LOGAN, Utah (AP) — A teenager charged with encouraging a friend to kill a 14-year-old girl in a plot hatched as the boys played video games was sentenced to at least 15 years in prison Wednesday, a year after the girl survived a gunshot to the head.
Judge Brian Cannell praised victim Deserae Turner as “indomitable” as he handed down the sentence that could keep Jayzon Decker, 17, in prison for life, the Deseret News reported. Turner said in court that the bullet still lodged in her brain leaves her struggling to walk, dress herself and function through debilitating headaches.
“You are evil.
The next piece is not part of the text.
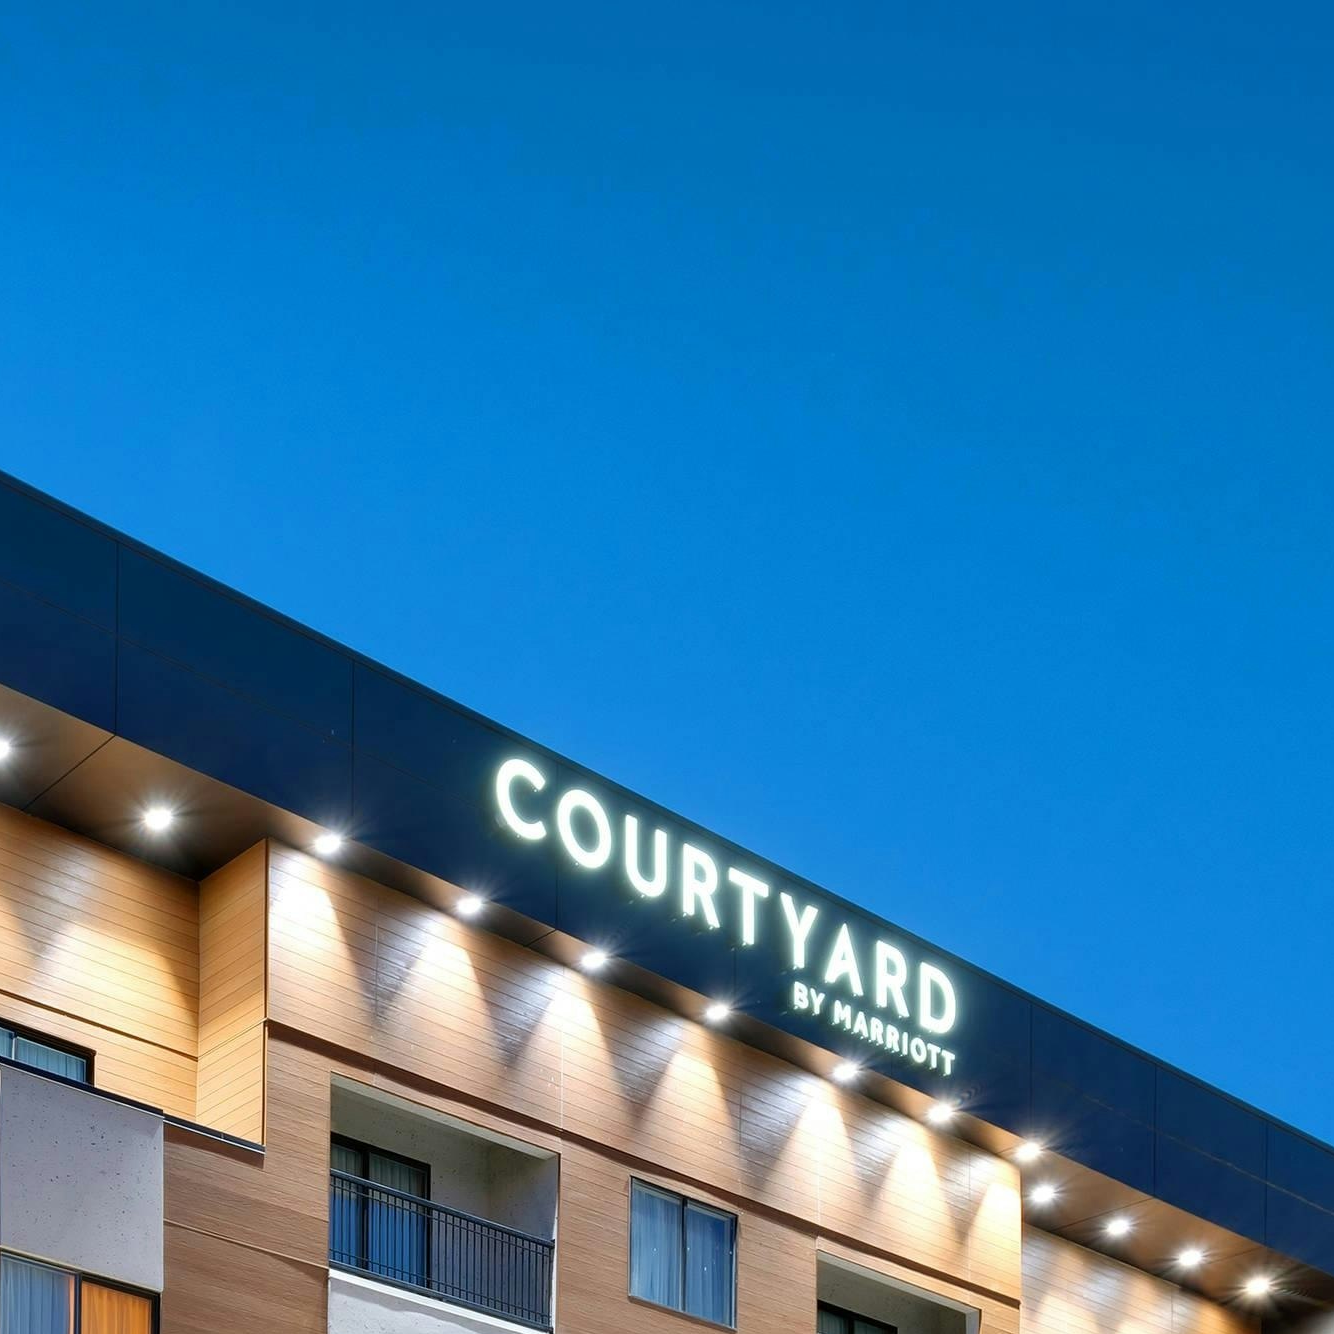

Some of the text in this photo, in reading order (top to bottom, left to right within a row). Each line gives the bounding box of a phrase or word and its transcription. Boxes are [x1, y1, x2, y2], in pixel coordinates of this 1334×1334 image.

I wish this had never happened,” she said, according to the Salt Lake Tribune. “Good luck having a life in prison and remember that, because of you, my life is a prison too.”
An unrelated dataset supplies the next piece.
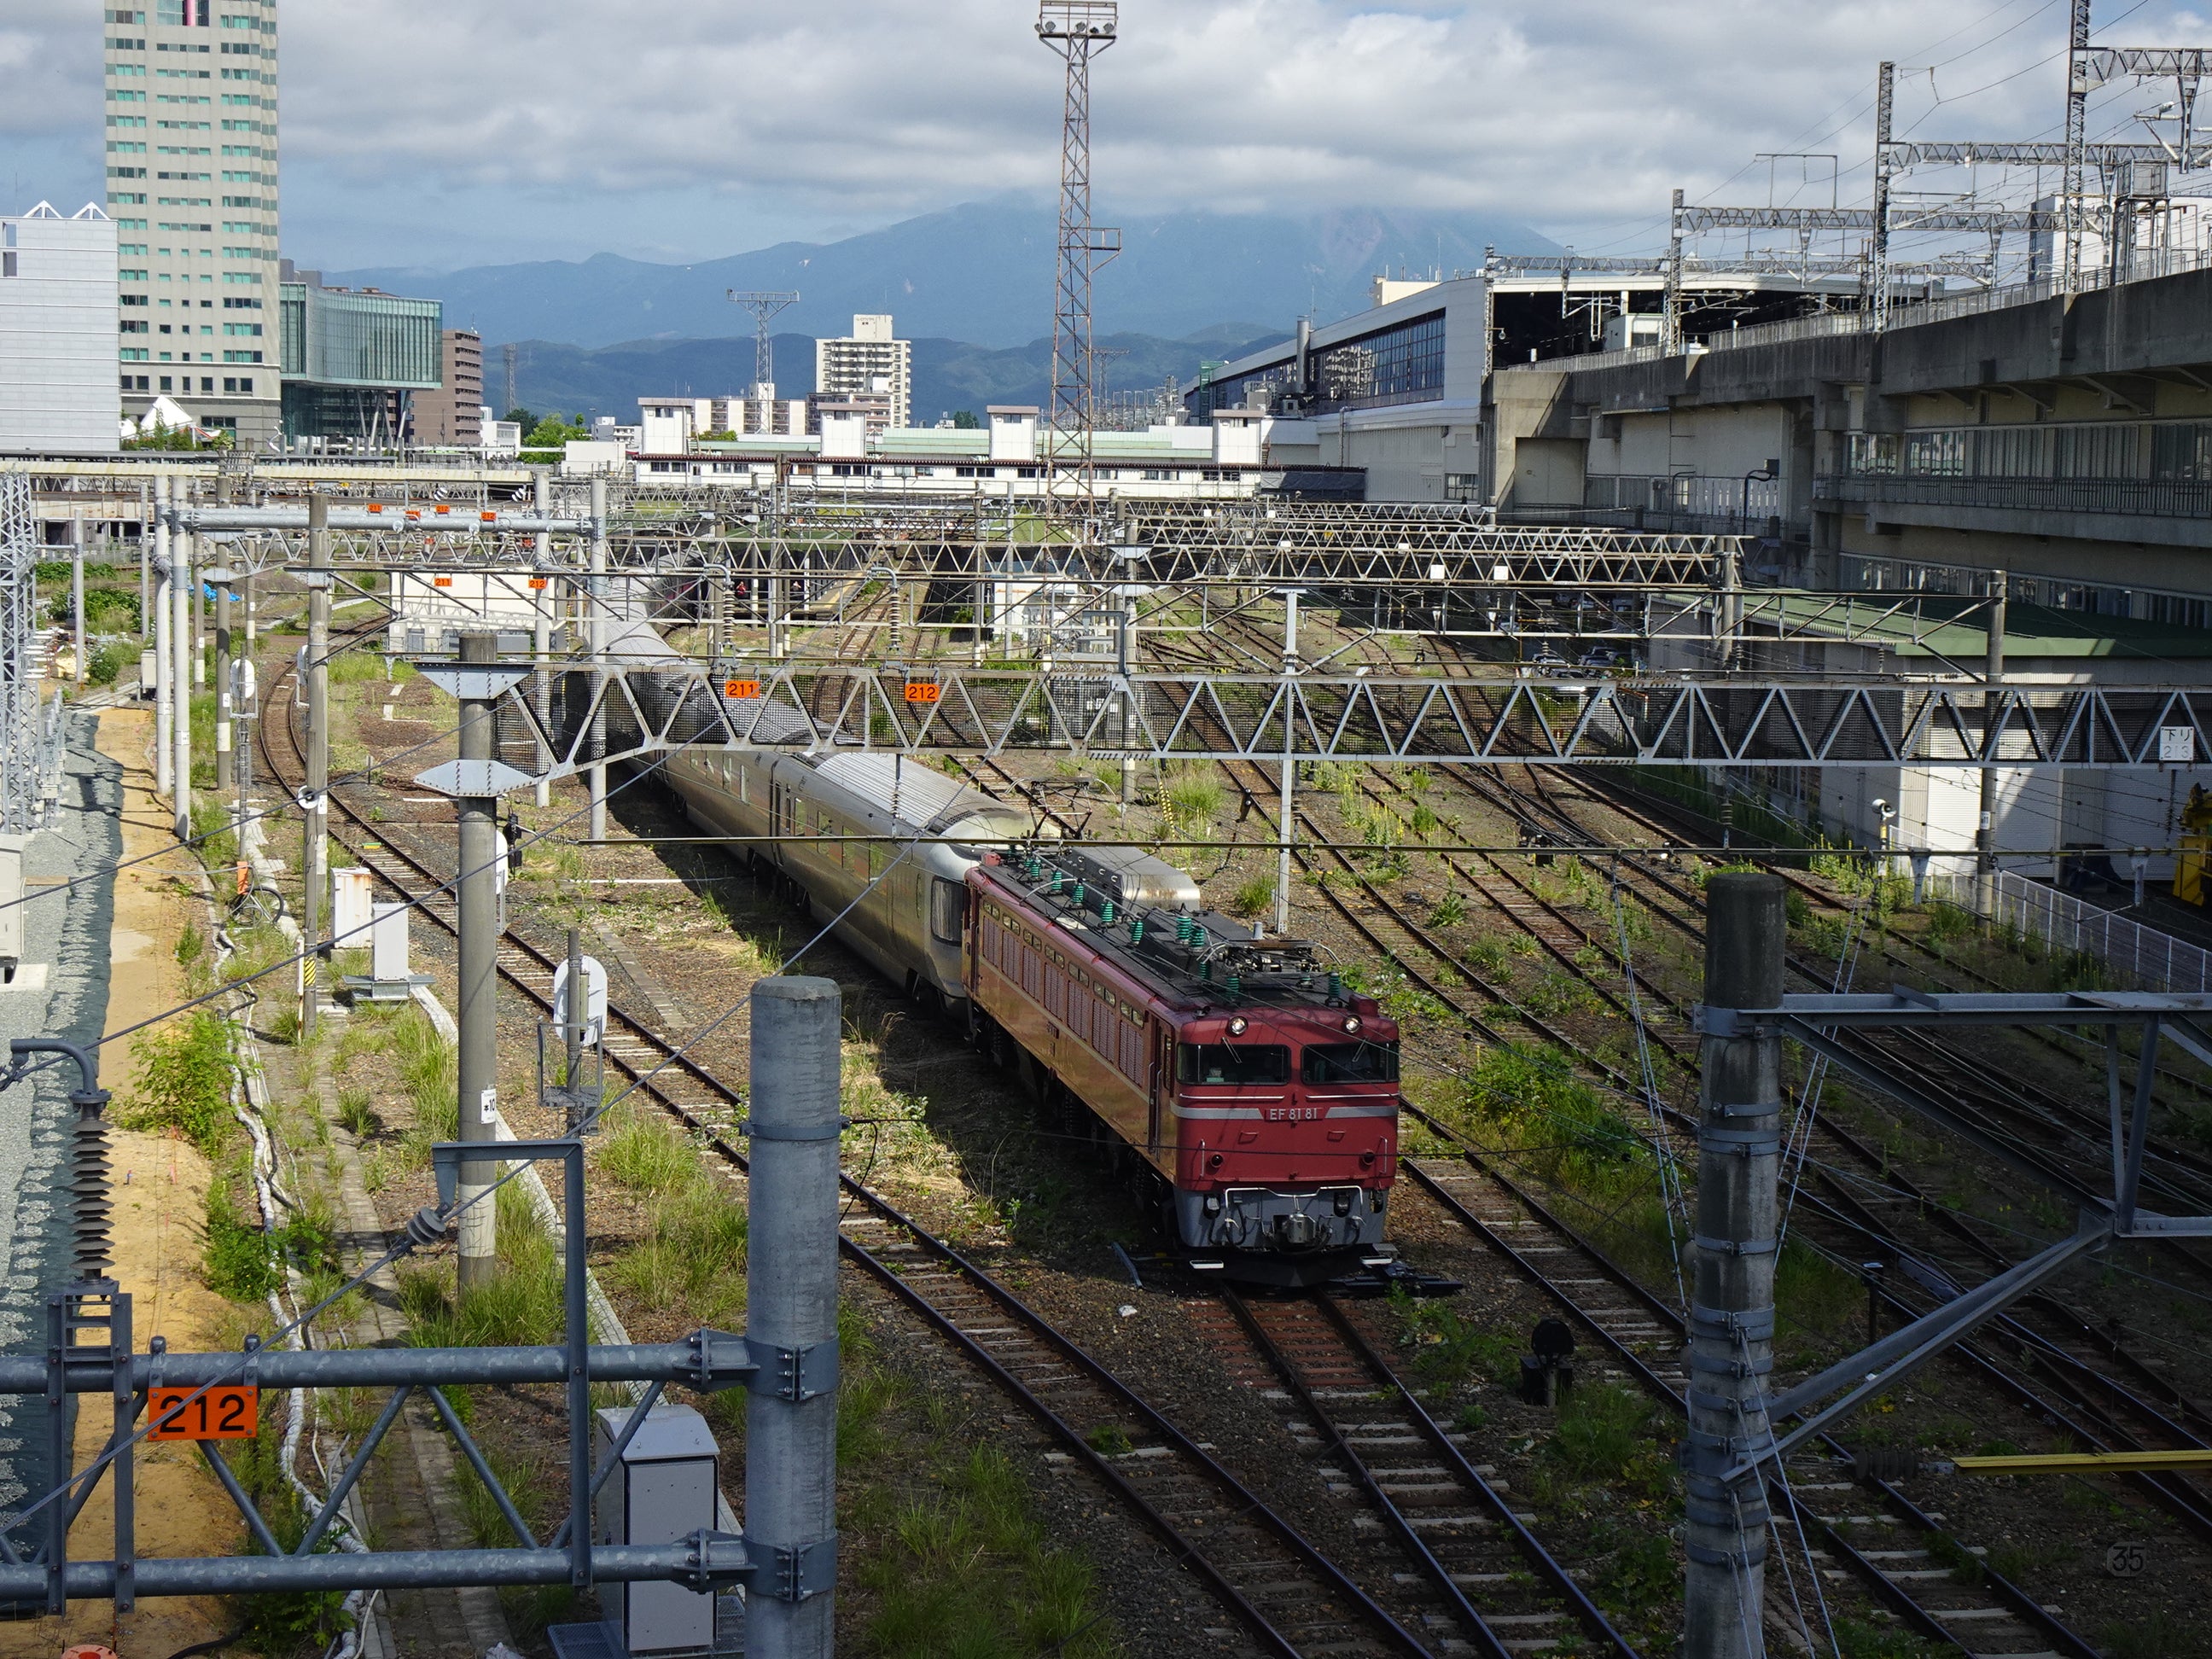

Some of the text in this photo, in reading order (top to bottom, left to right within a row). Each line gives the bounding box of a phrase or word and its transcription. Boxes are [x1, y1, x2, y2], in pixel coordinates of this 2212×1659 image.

His co-defendant Colter D. Peterson, 17, was also sentenced to 15 years to life in prison last week.
Prosecutors said the pair concocted the plan in February 2017 while playing video games and discussing their desire to “get rid” of Turner, who was messaging Peterson on social media. They lured her to an isolated dry canal bed behind a high school in Smithfield, about 90 miles (145 kilometers) north of Salt Lake City, then shot her and left her for dead in a ditch, prosecutors said.
Decker kept the spent shell casing “as a memento,” charges said. Officers later found it displayed on his bedroom windowsill.
The Associated Press does not typically name juvenile defendants, but the teens were ordered to face charges as adults. Decker pleaded guilty to attempted aggravated murder and felony obstruction of justice.
His lawyer Shannon Demler had asked for a shorter minimum sentence, saying that Decker’s role was less serious, that had an otherwise clean record, and was too young for his brain to have fully matured.
His mother Billie Jean Decker said she had known him as a kind boy who loved his cousins and opened doors for women at church.
But Cannell found the teen was legally and morally just as responsible for the crime as the boy who pulled the trigger.
“I tried to read you today. I tried to see if you were past feeling,” the judge told the defendant. “I don’t know what’s scarier — the actual act, or not understanding it, or the lack of emotion.”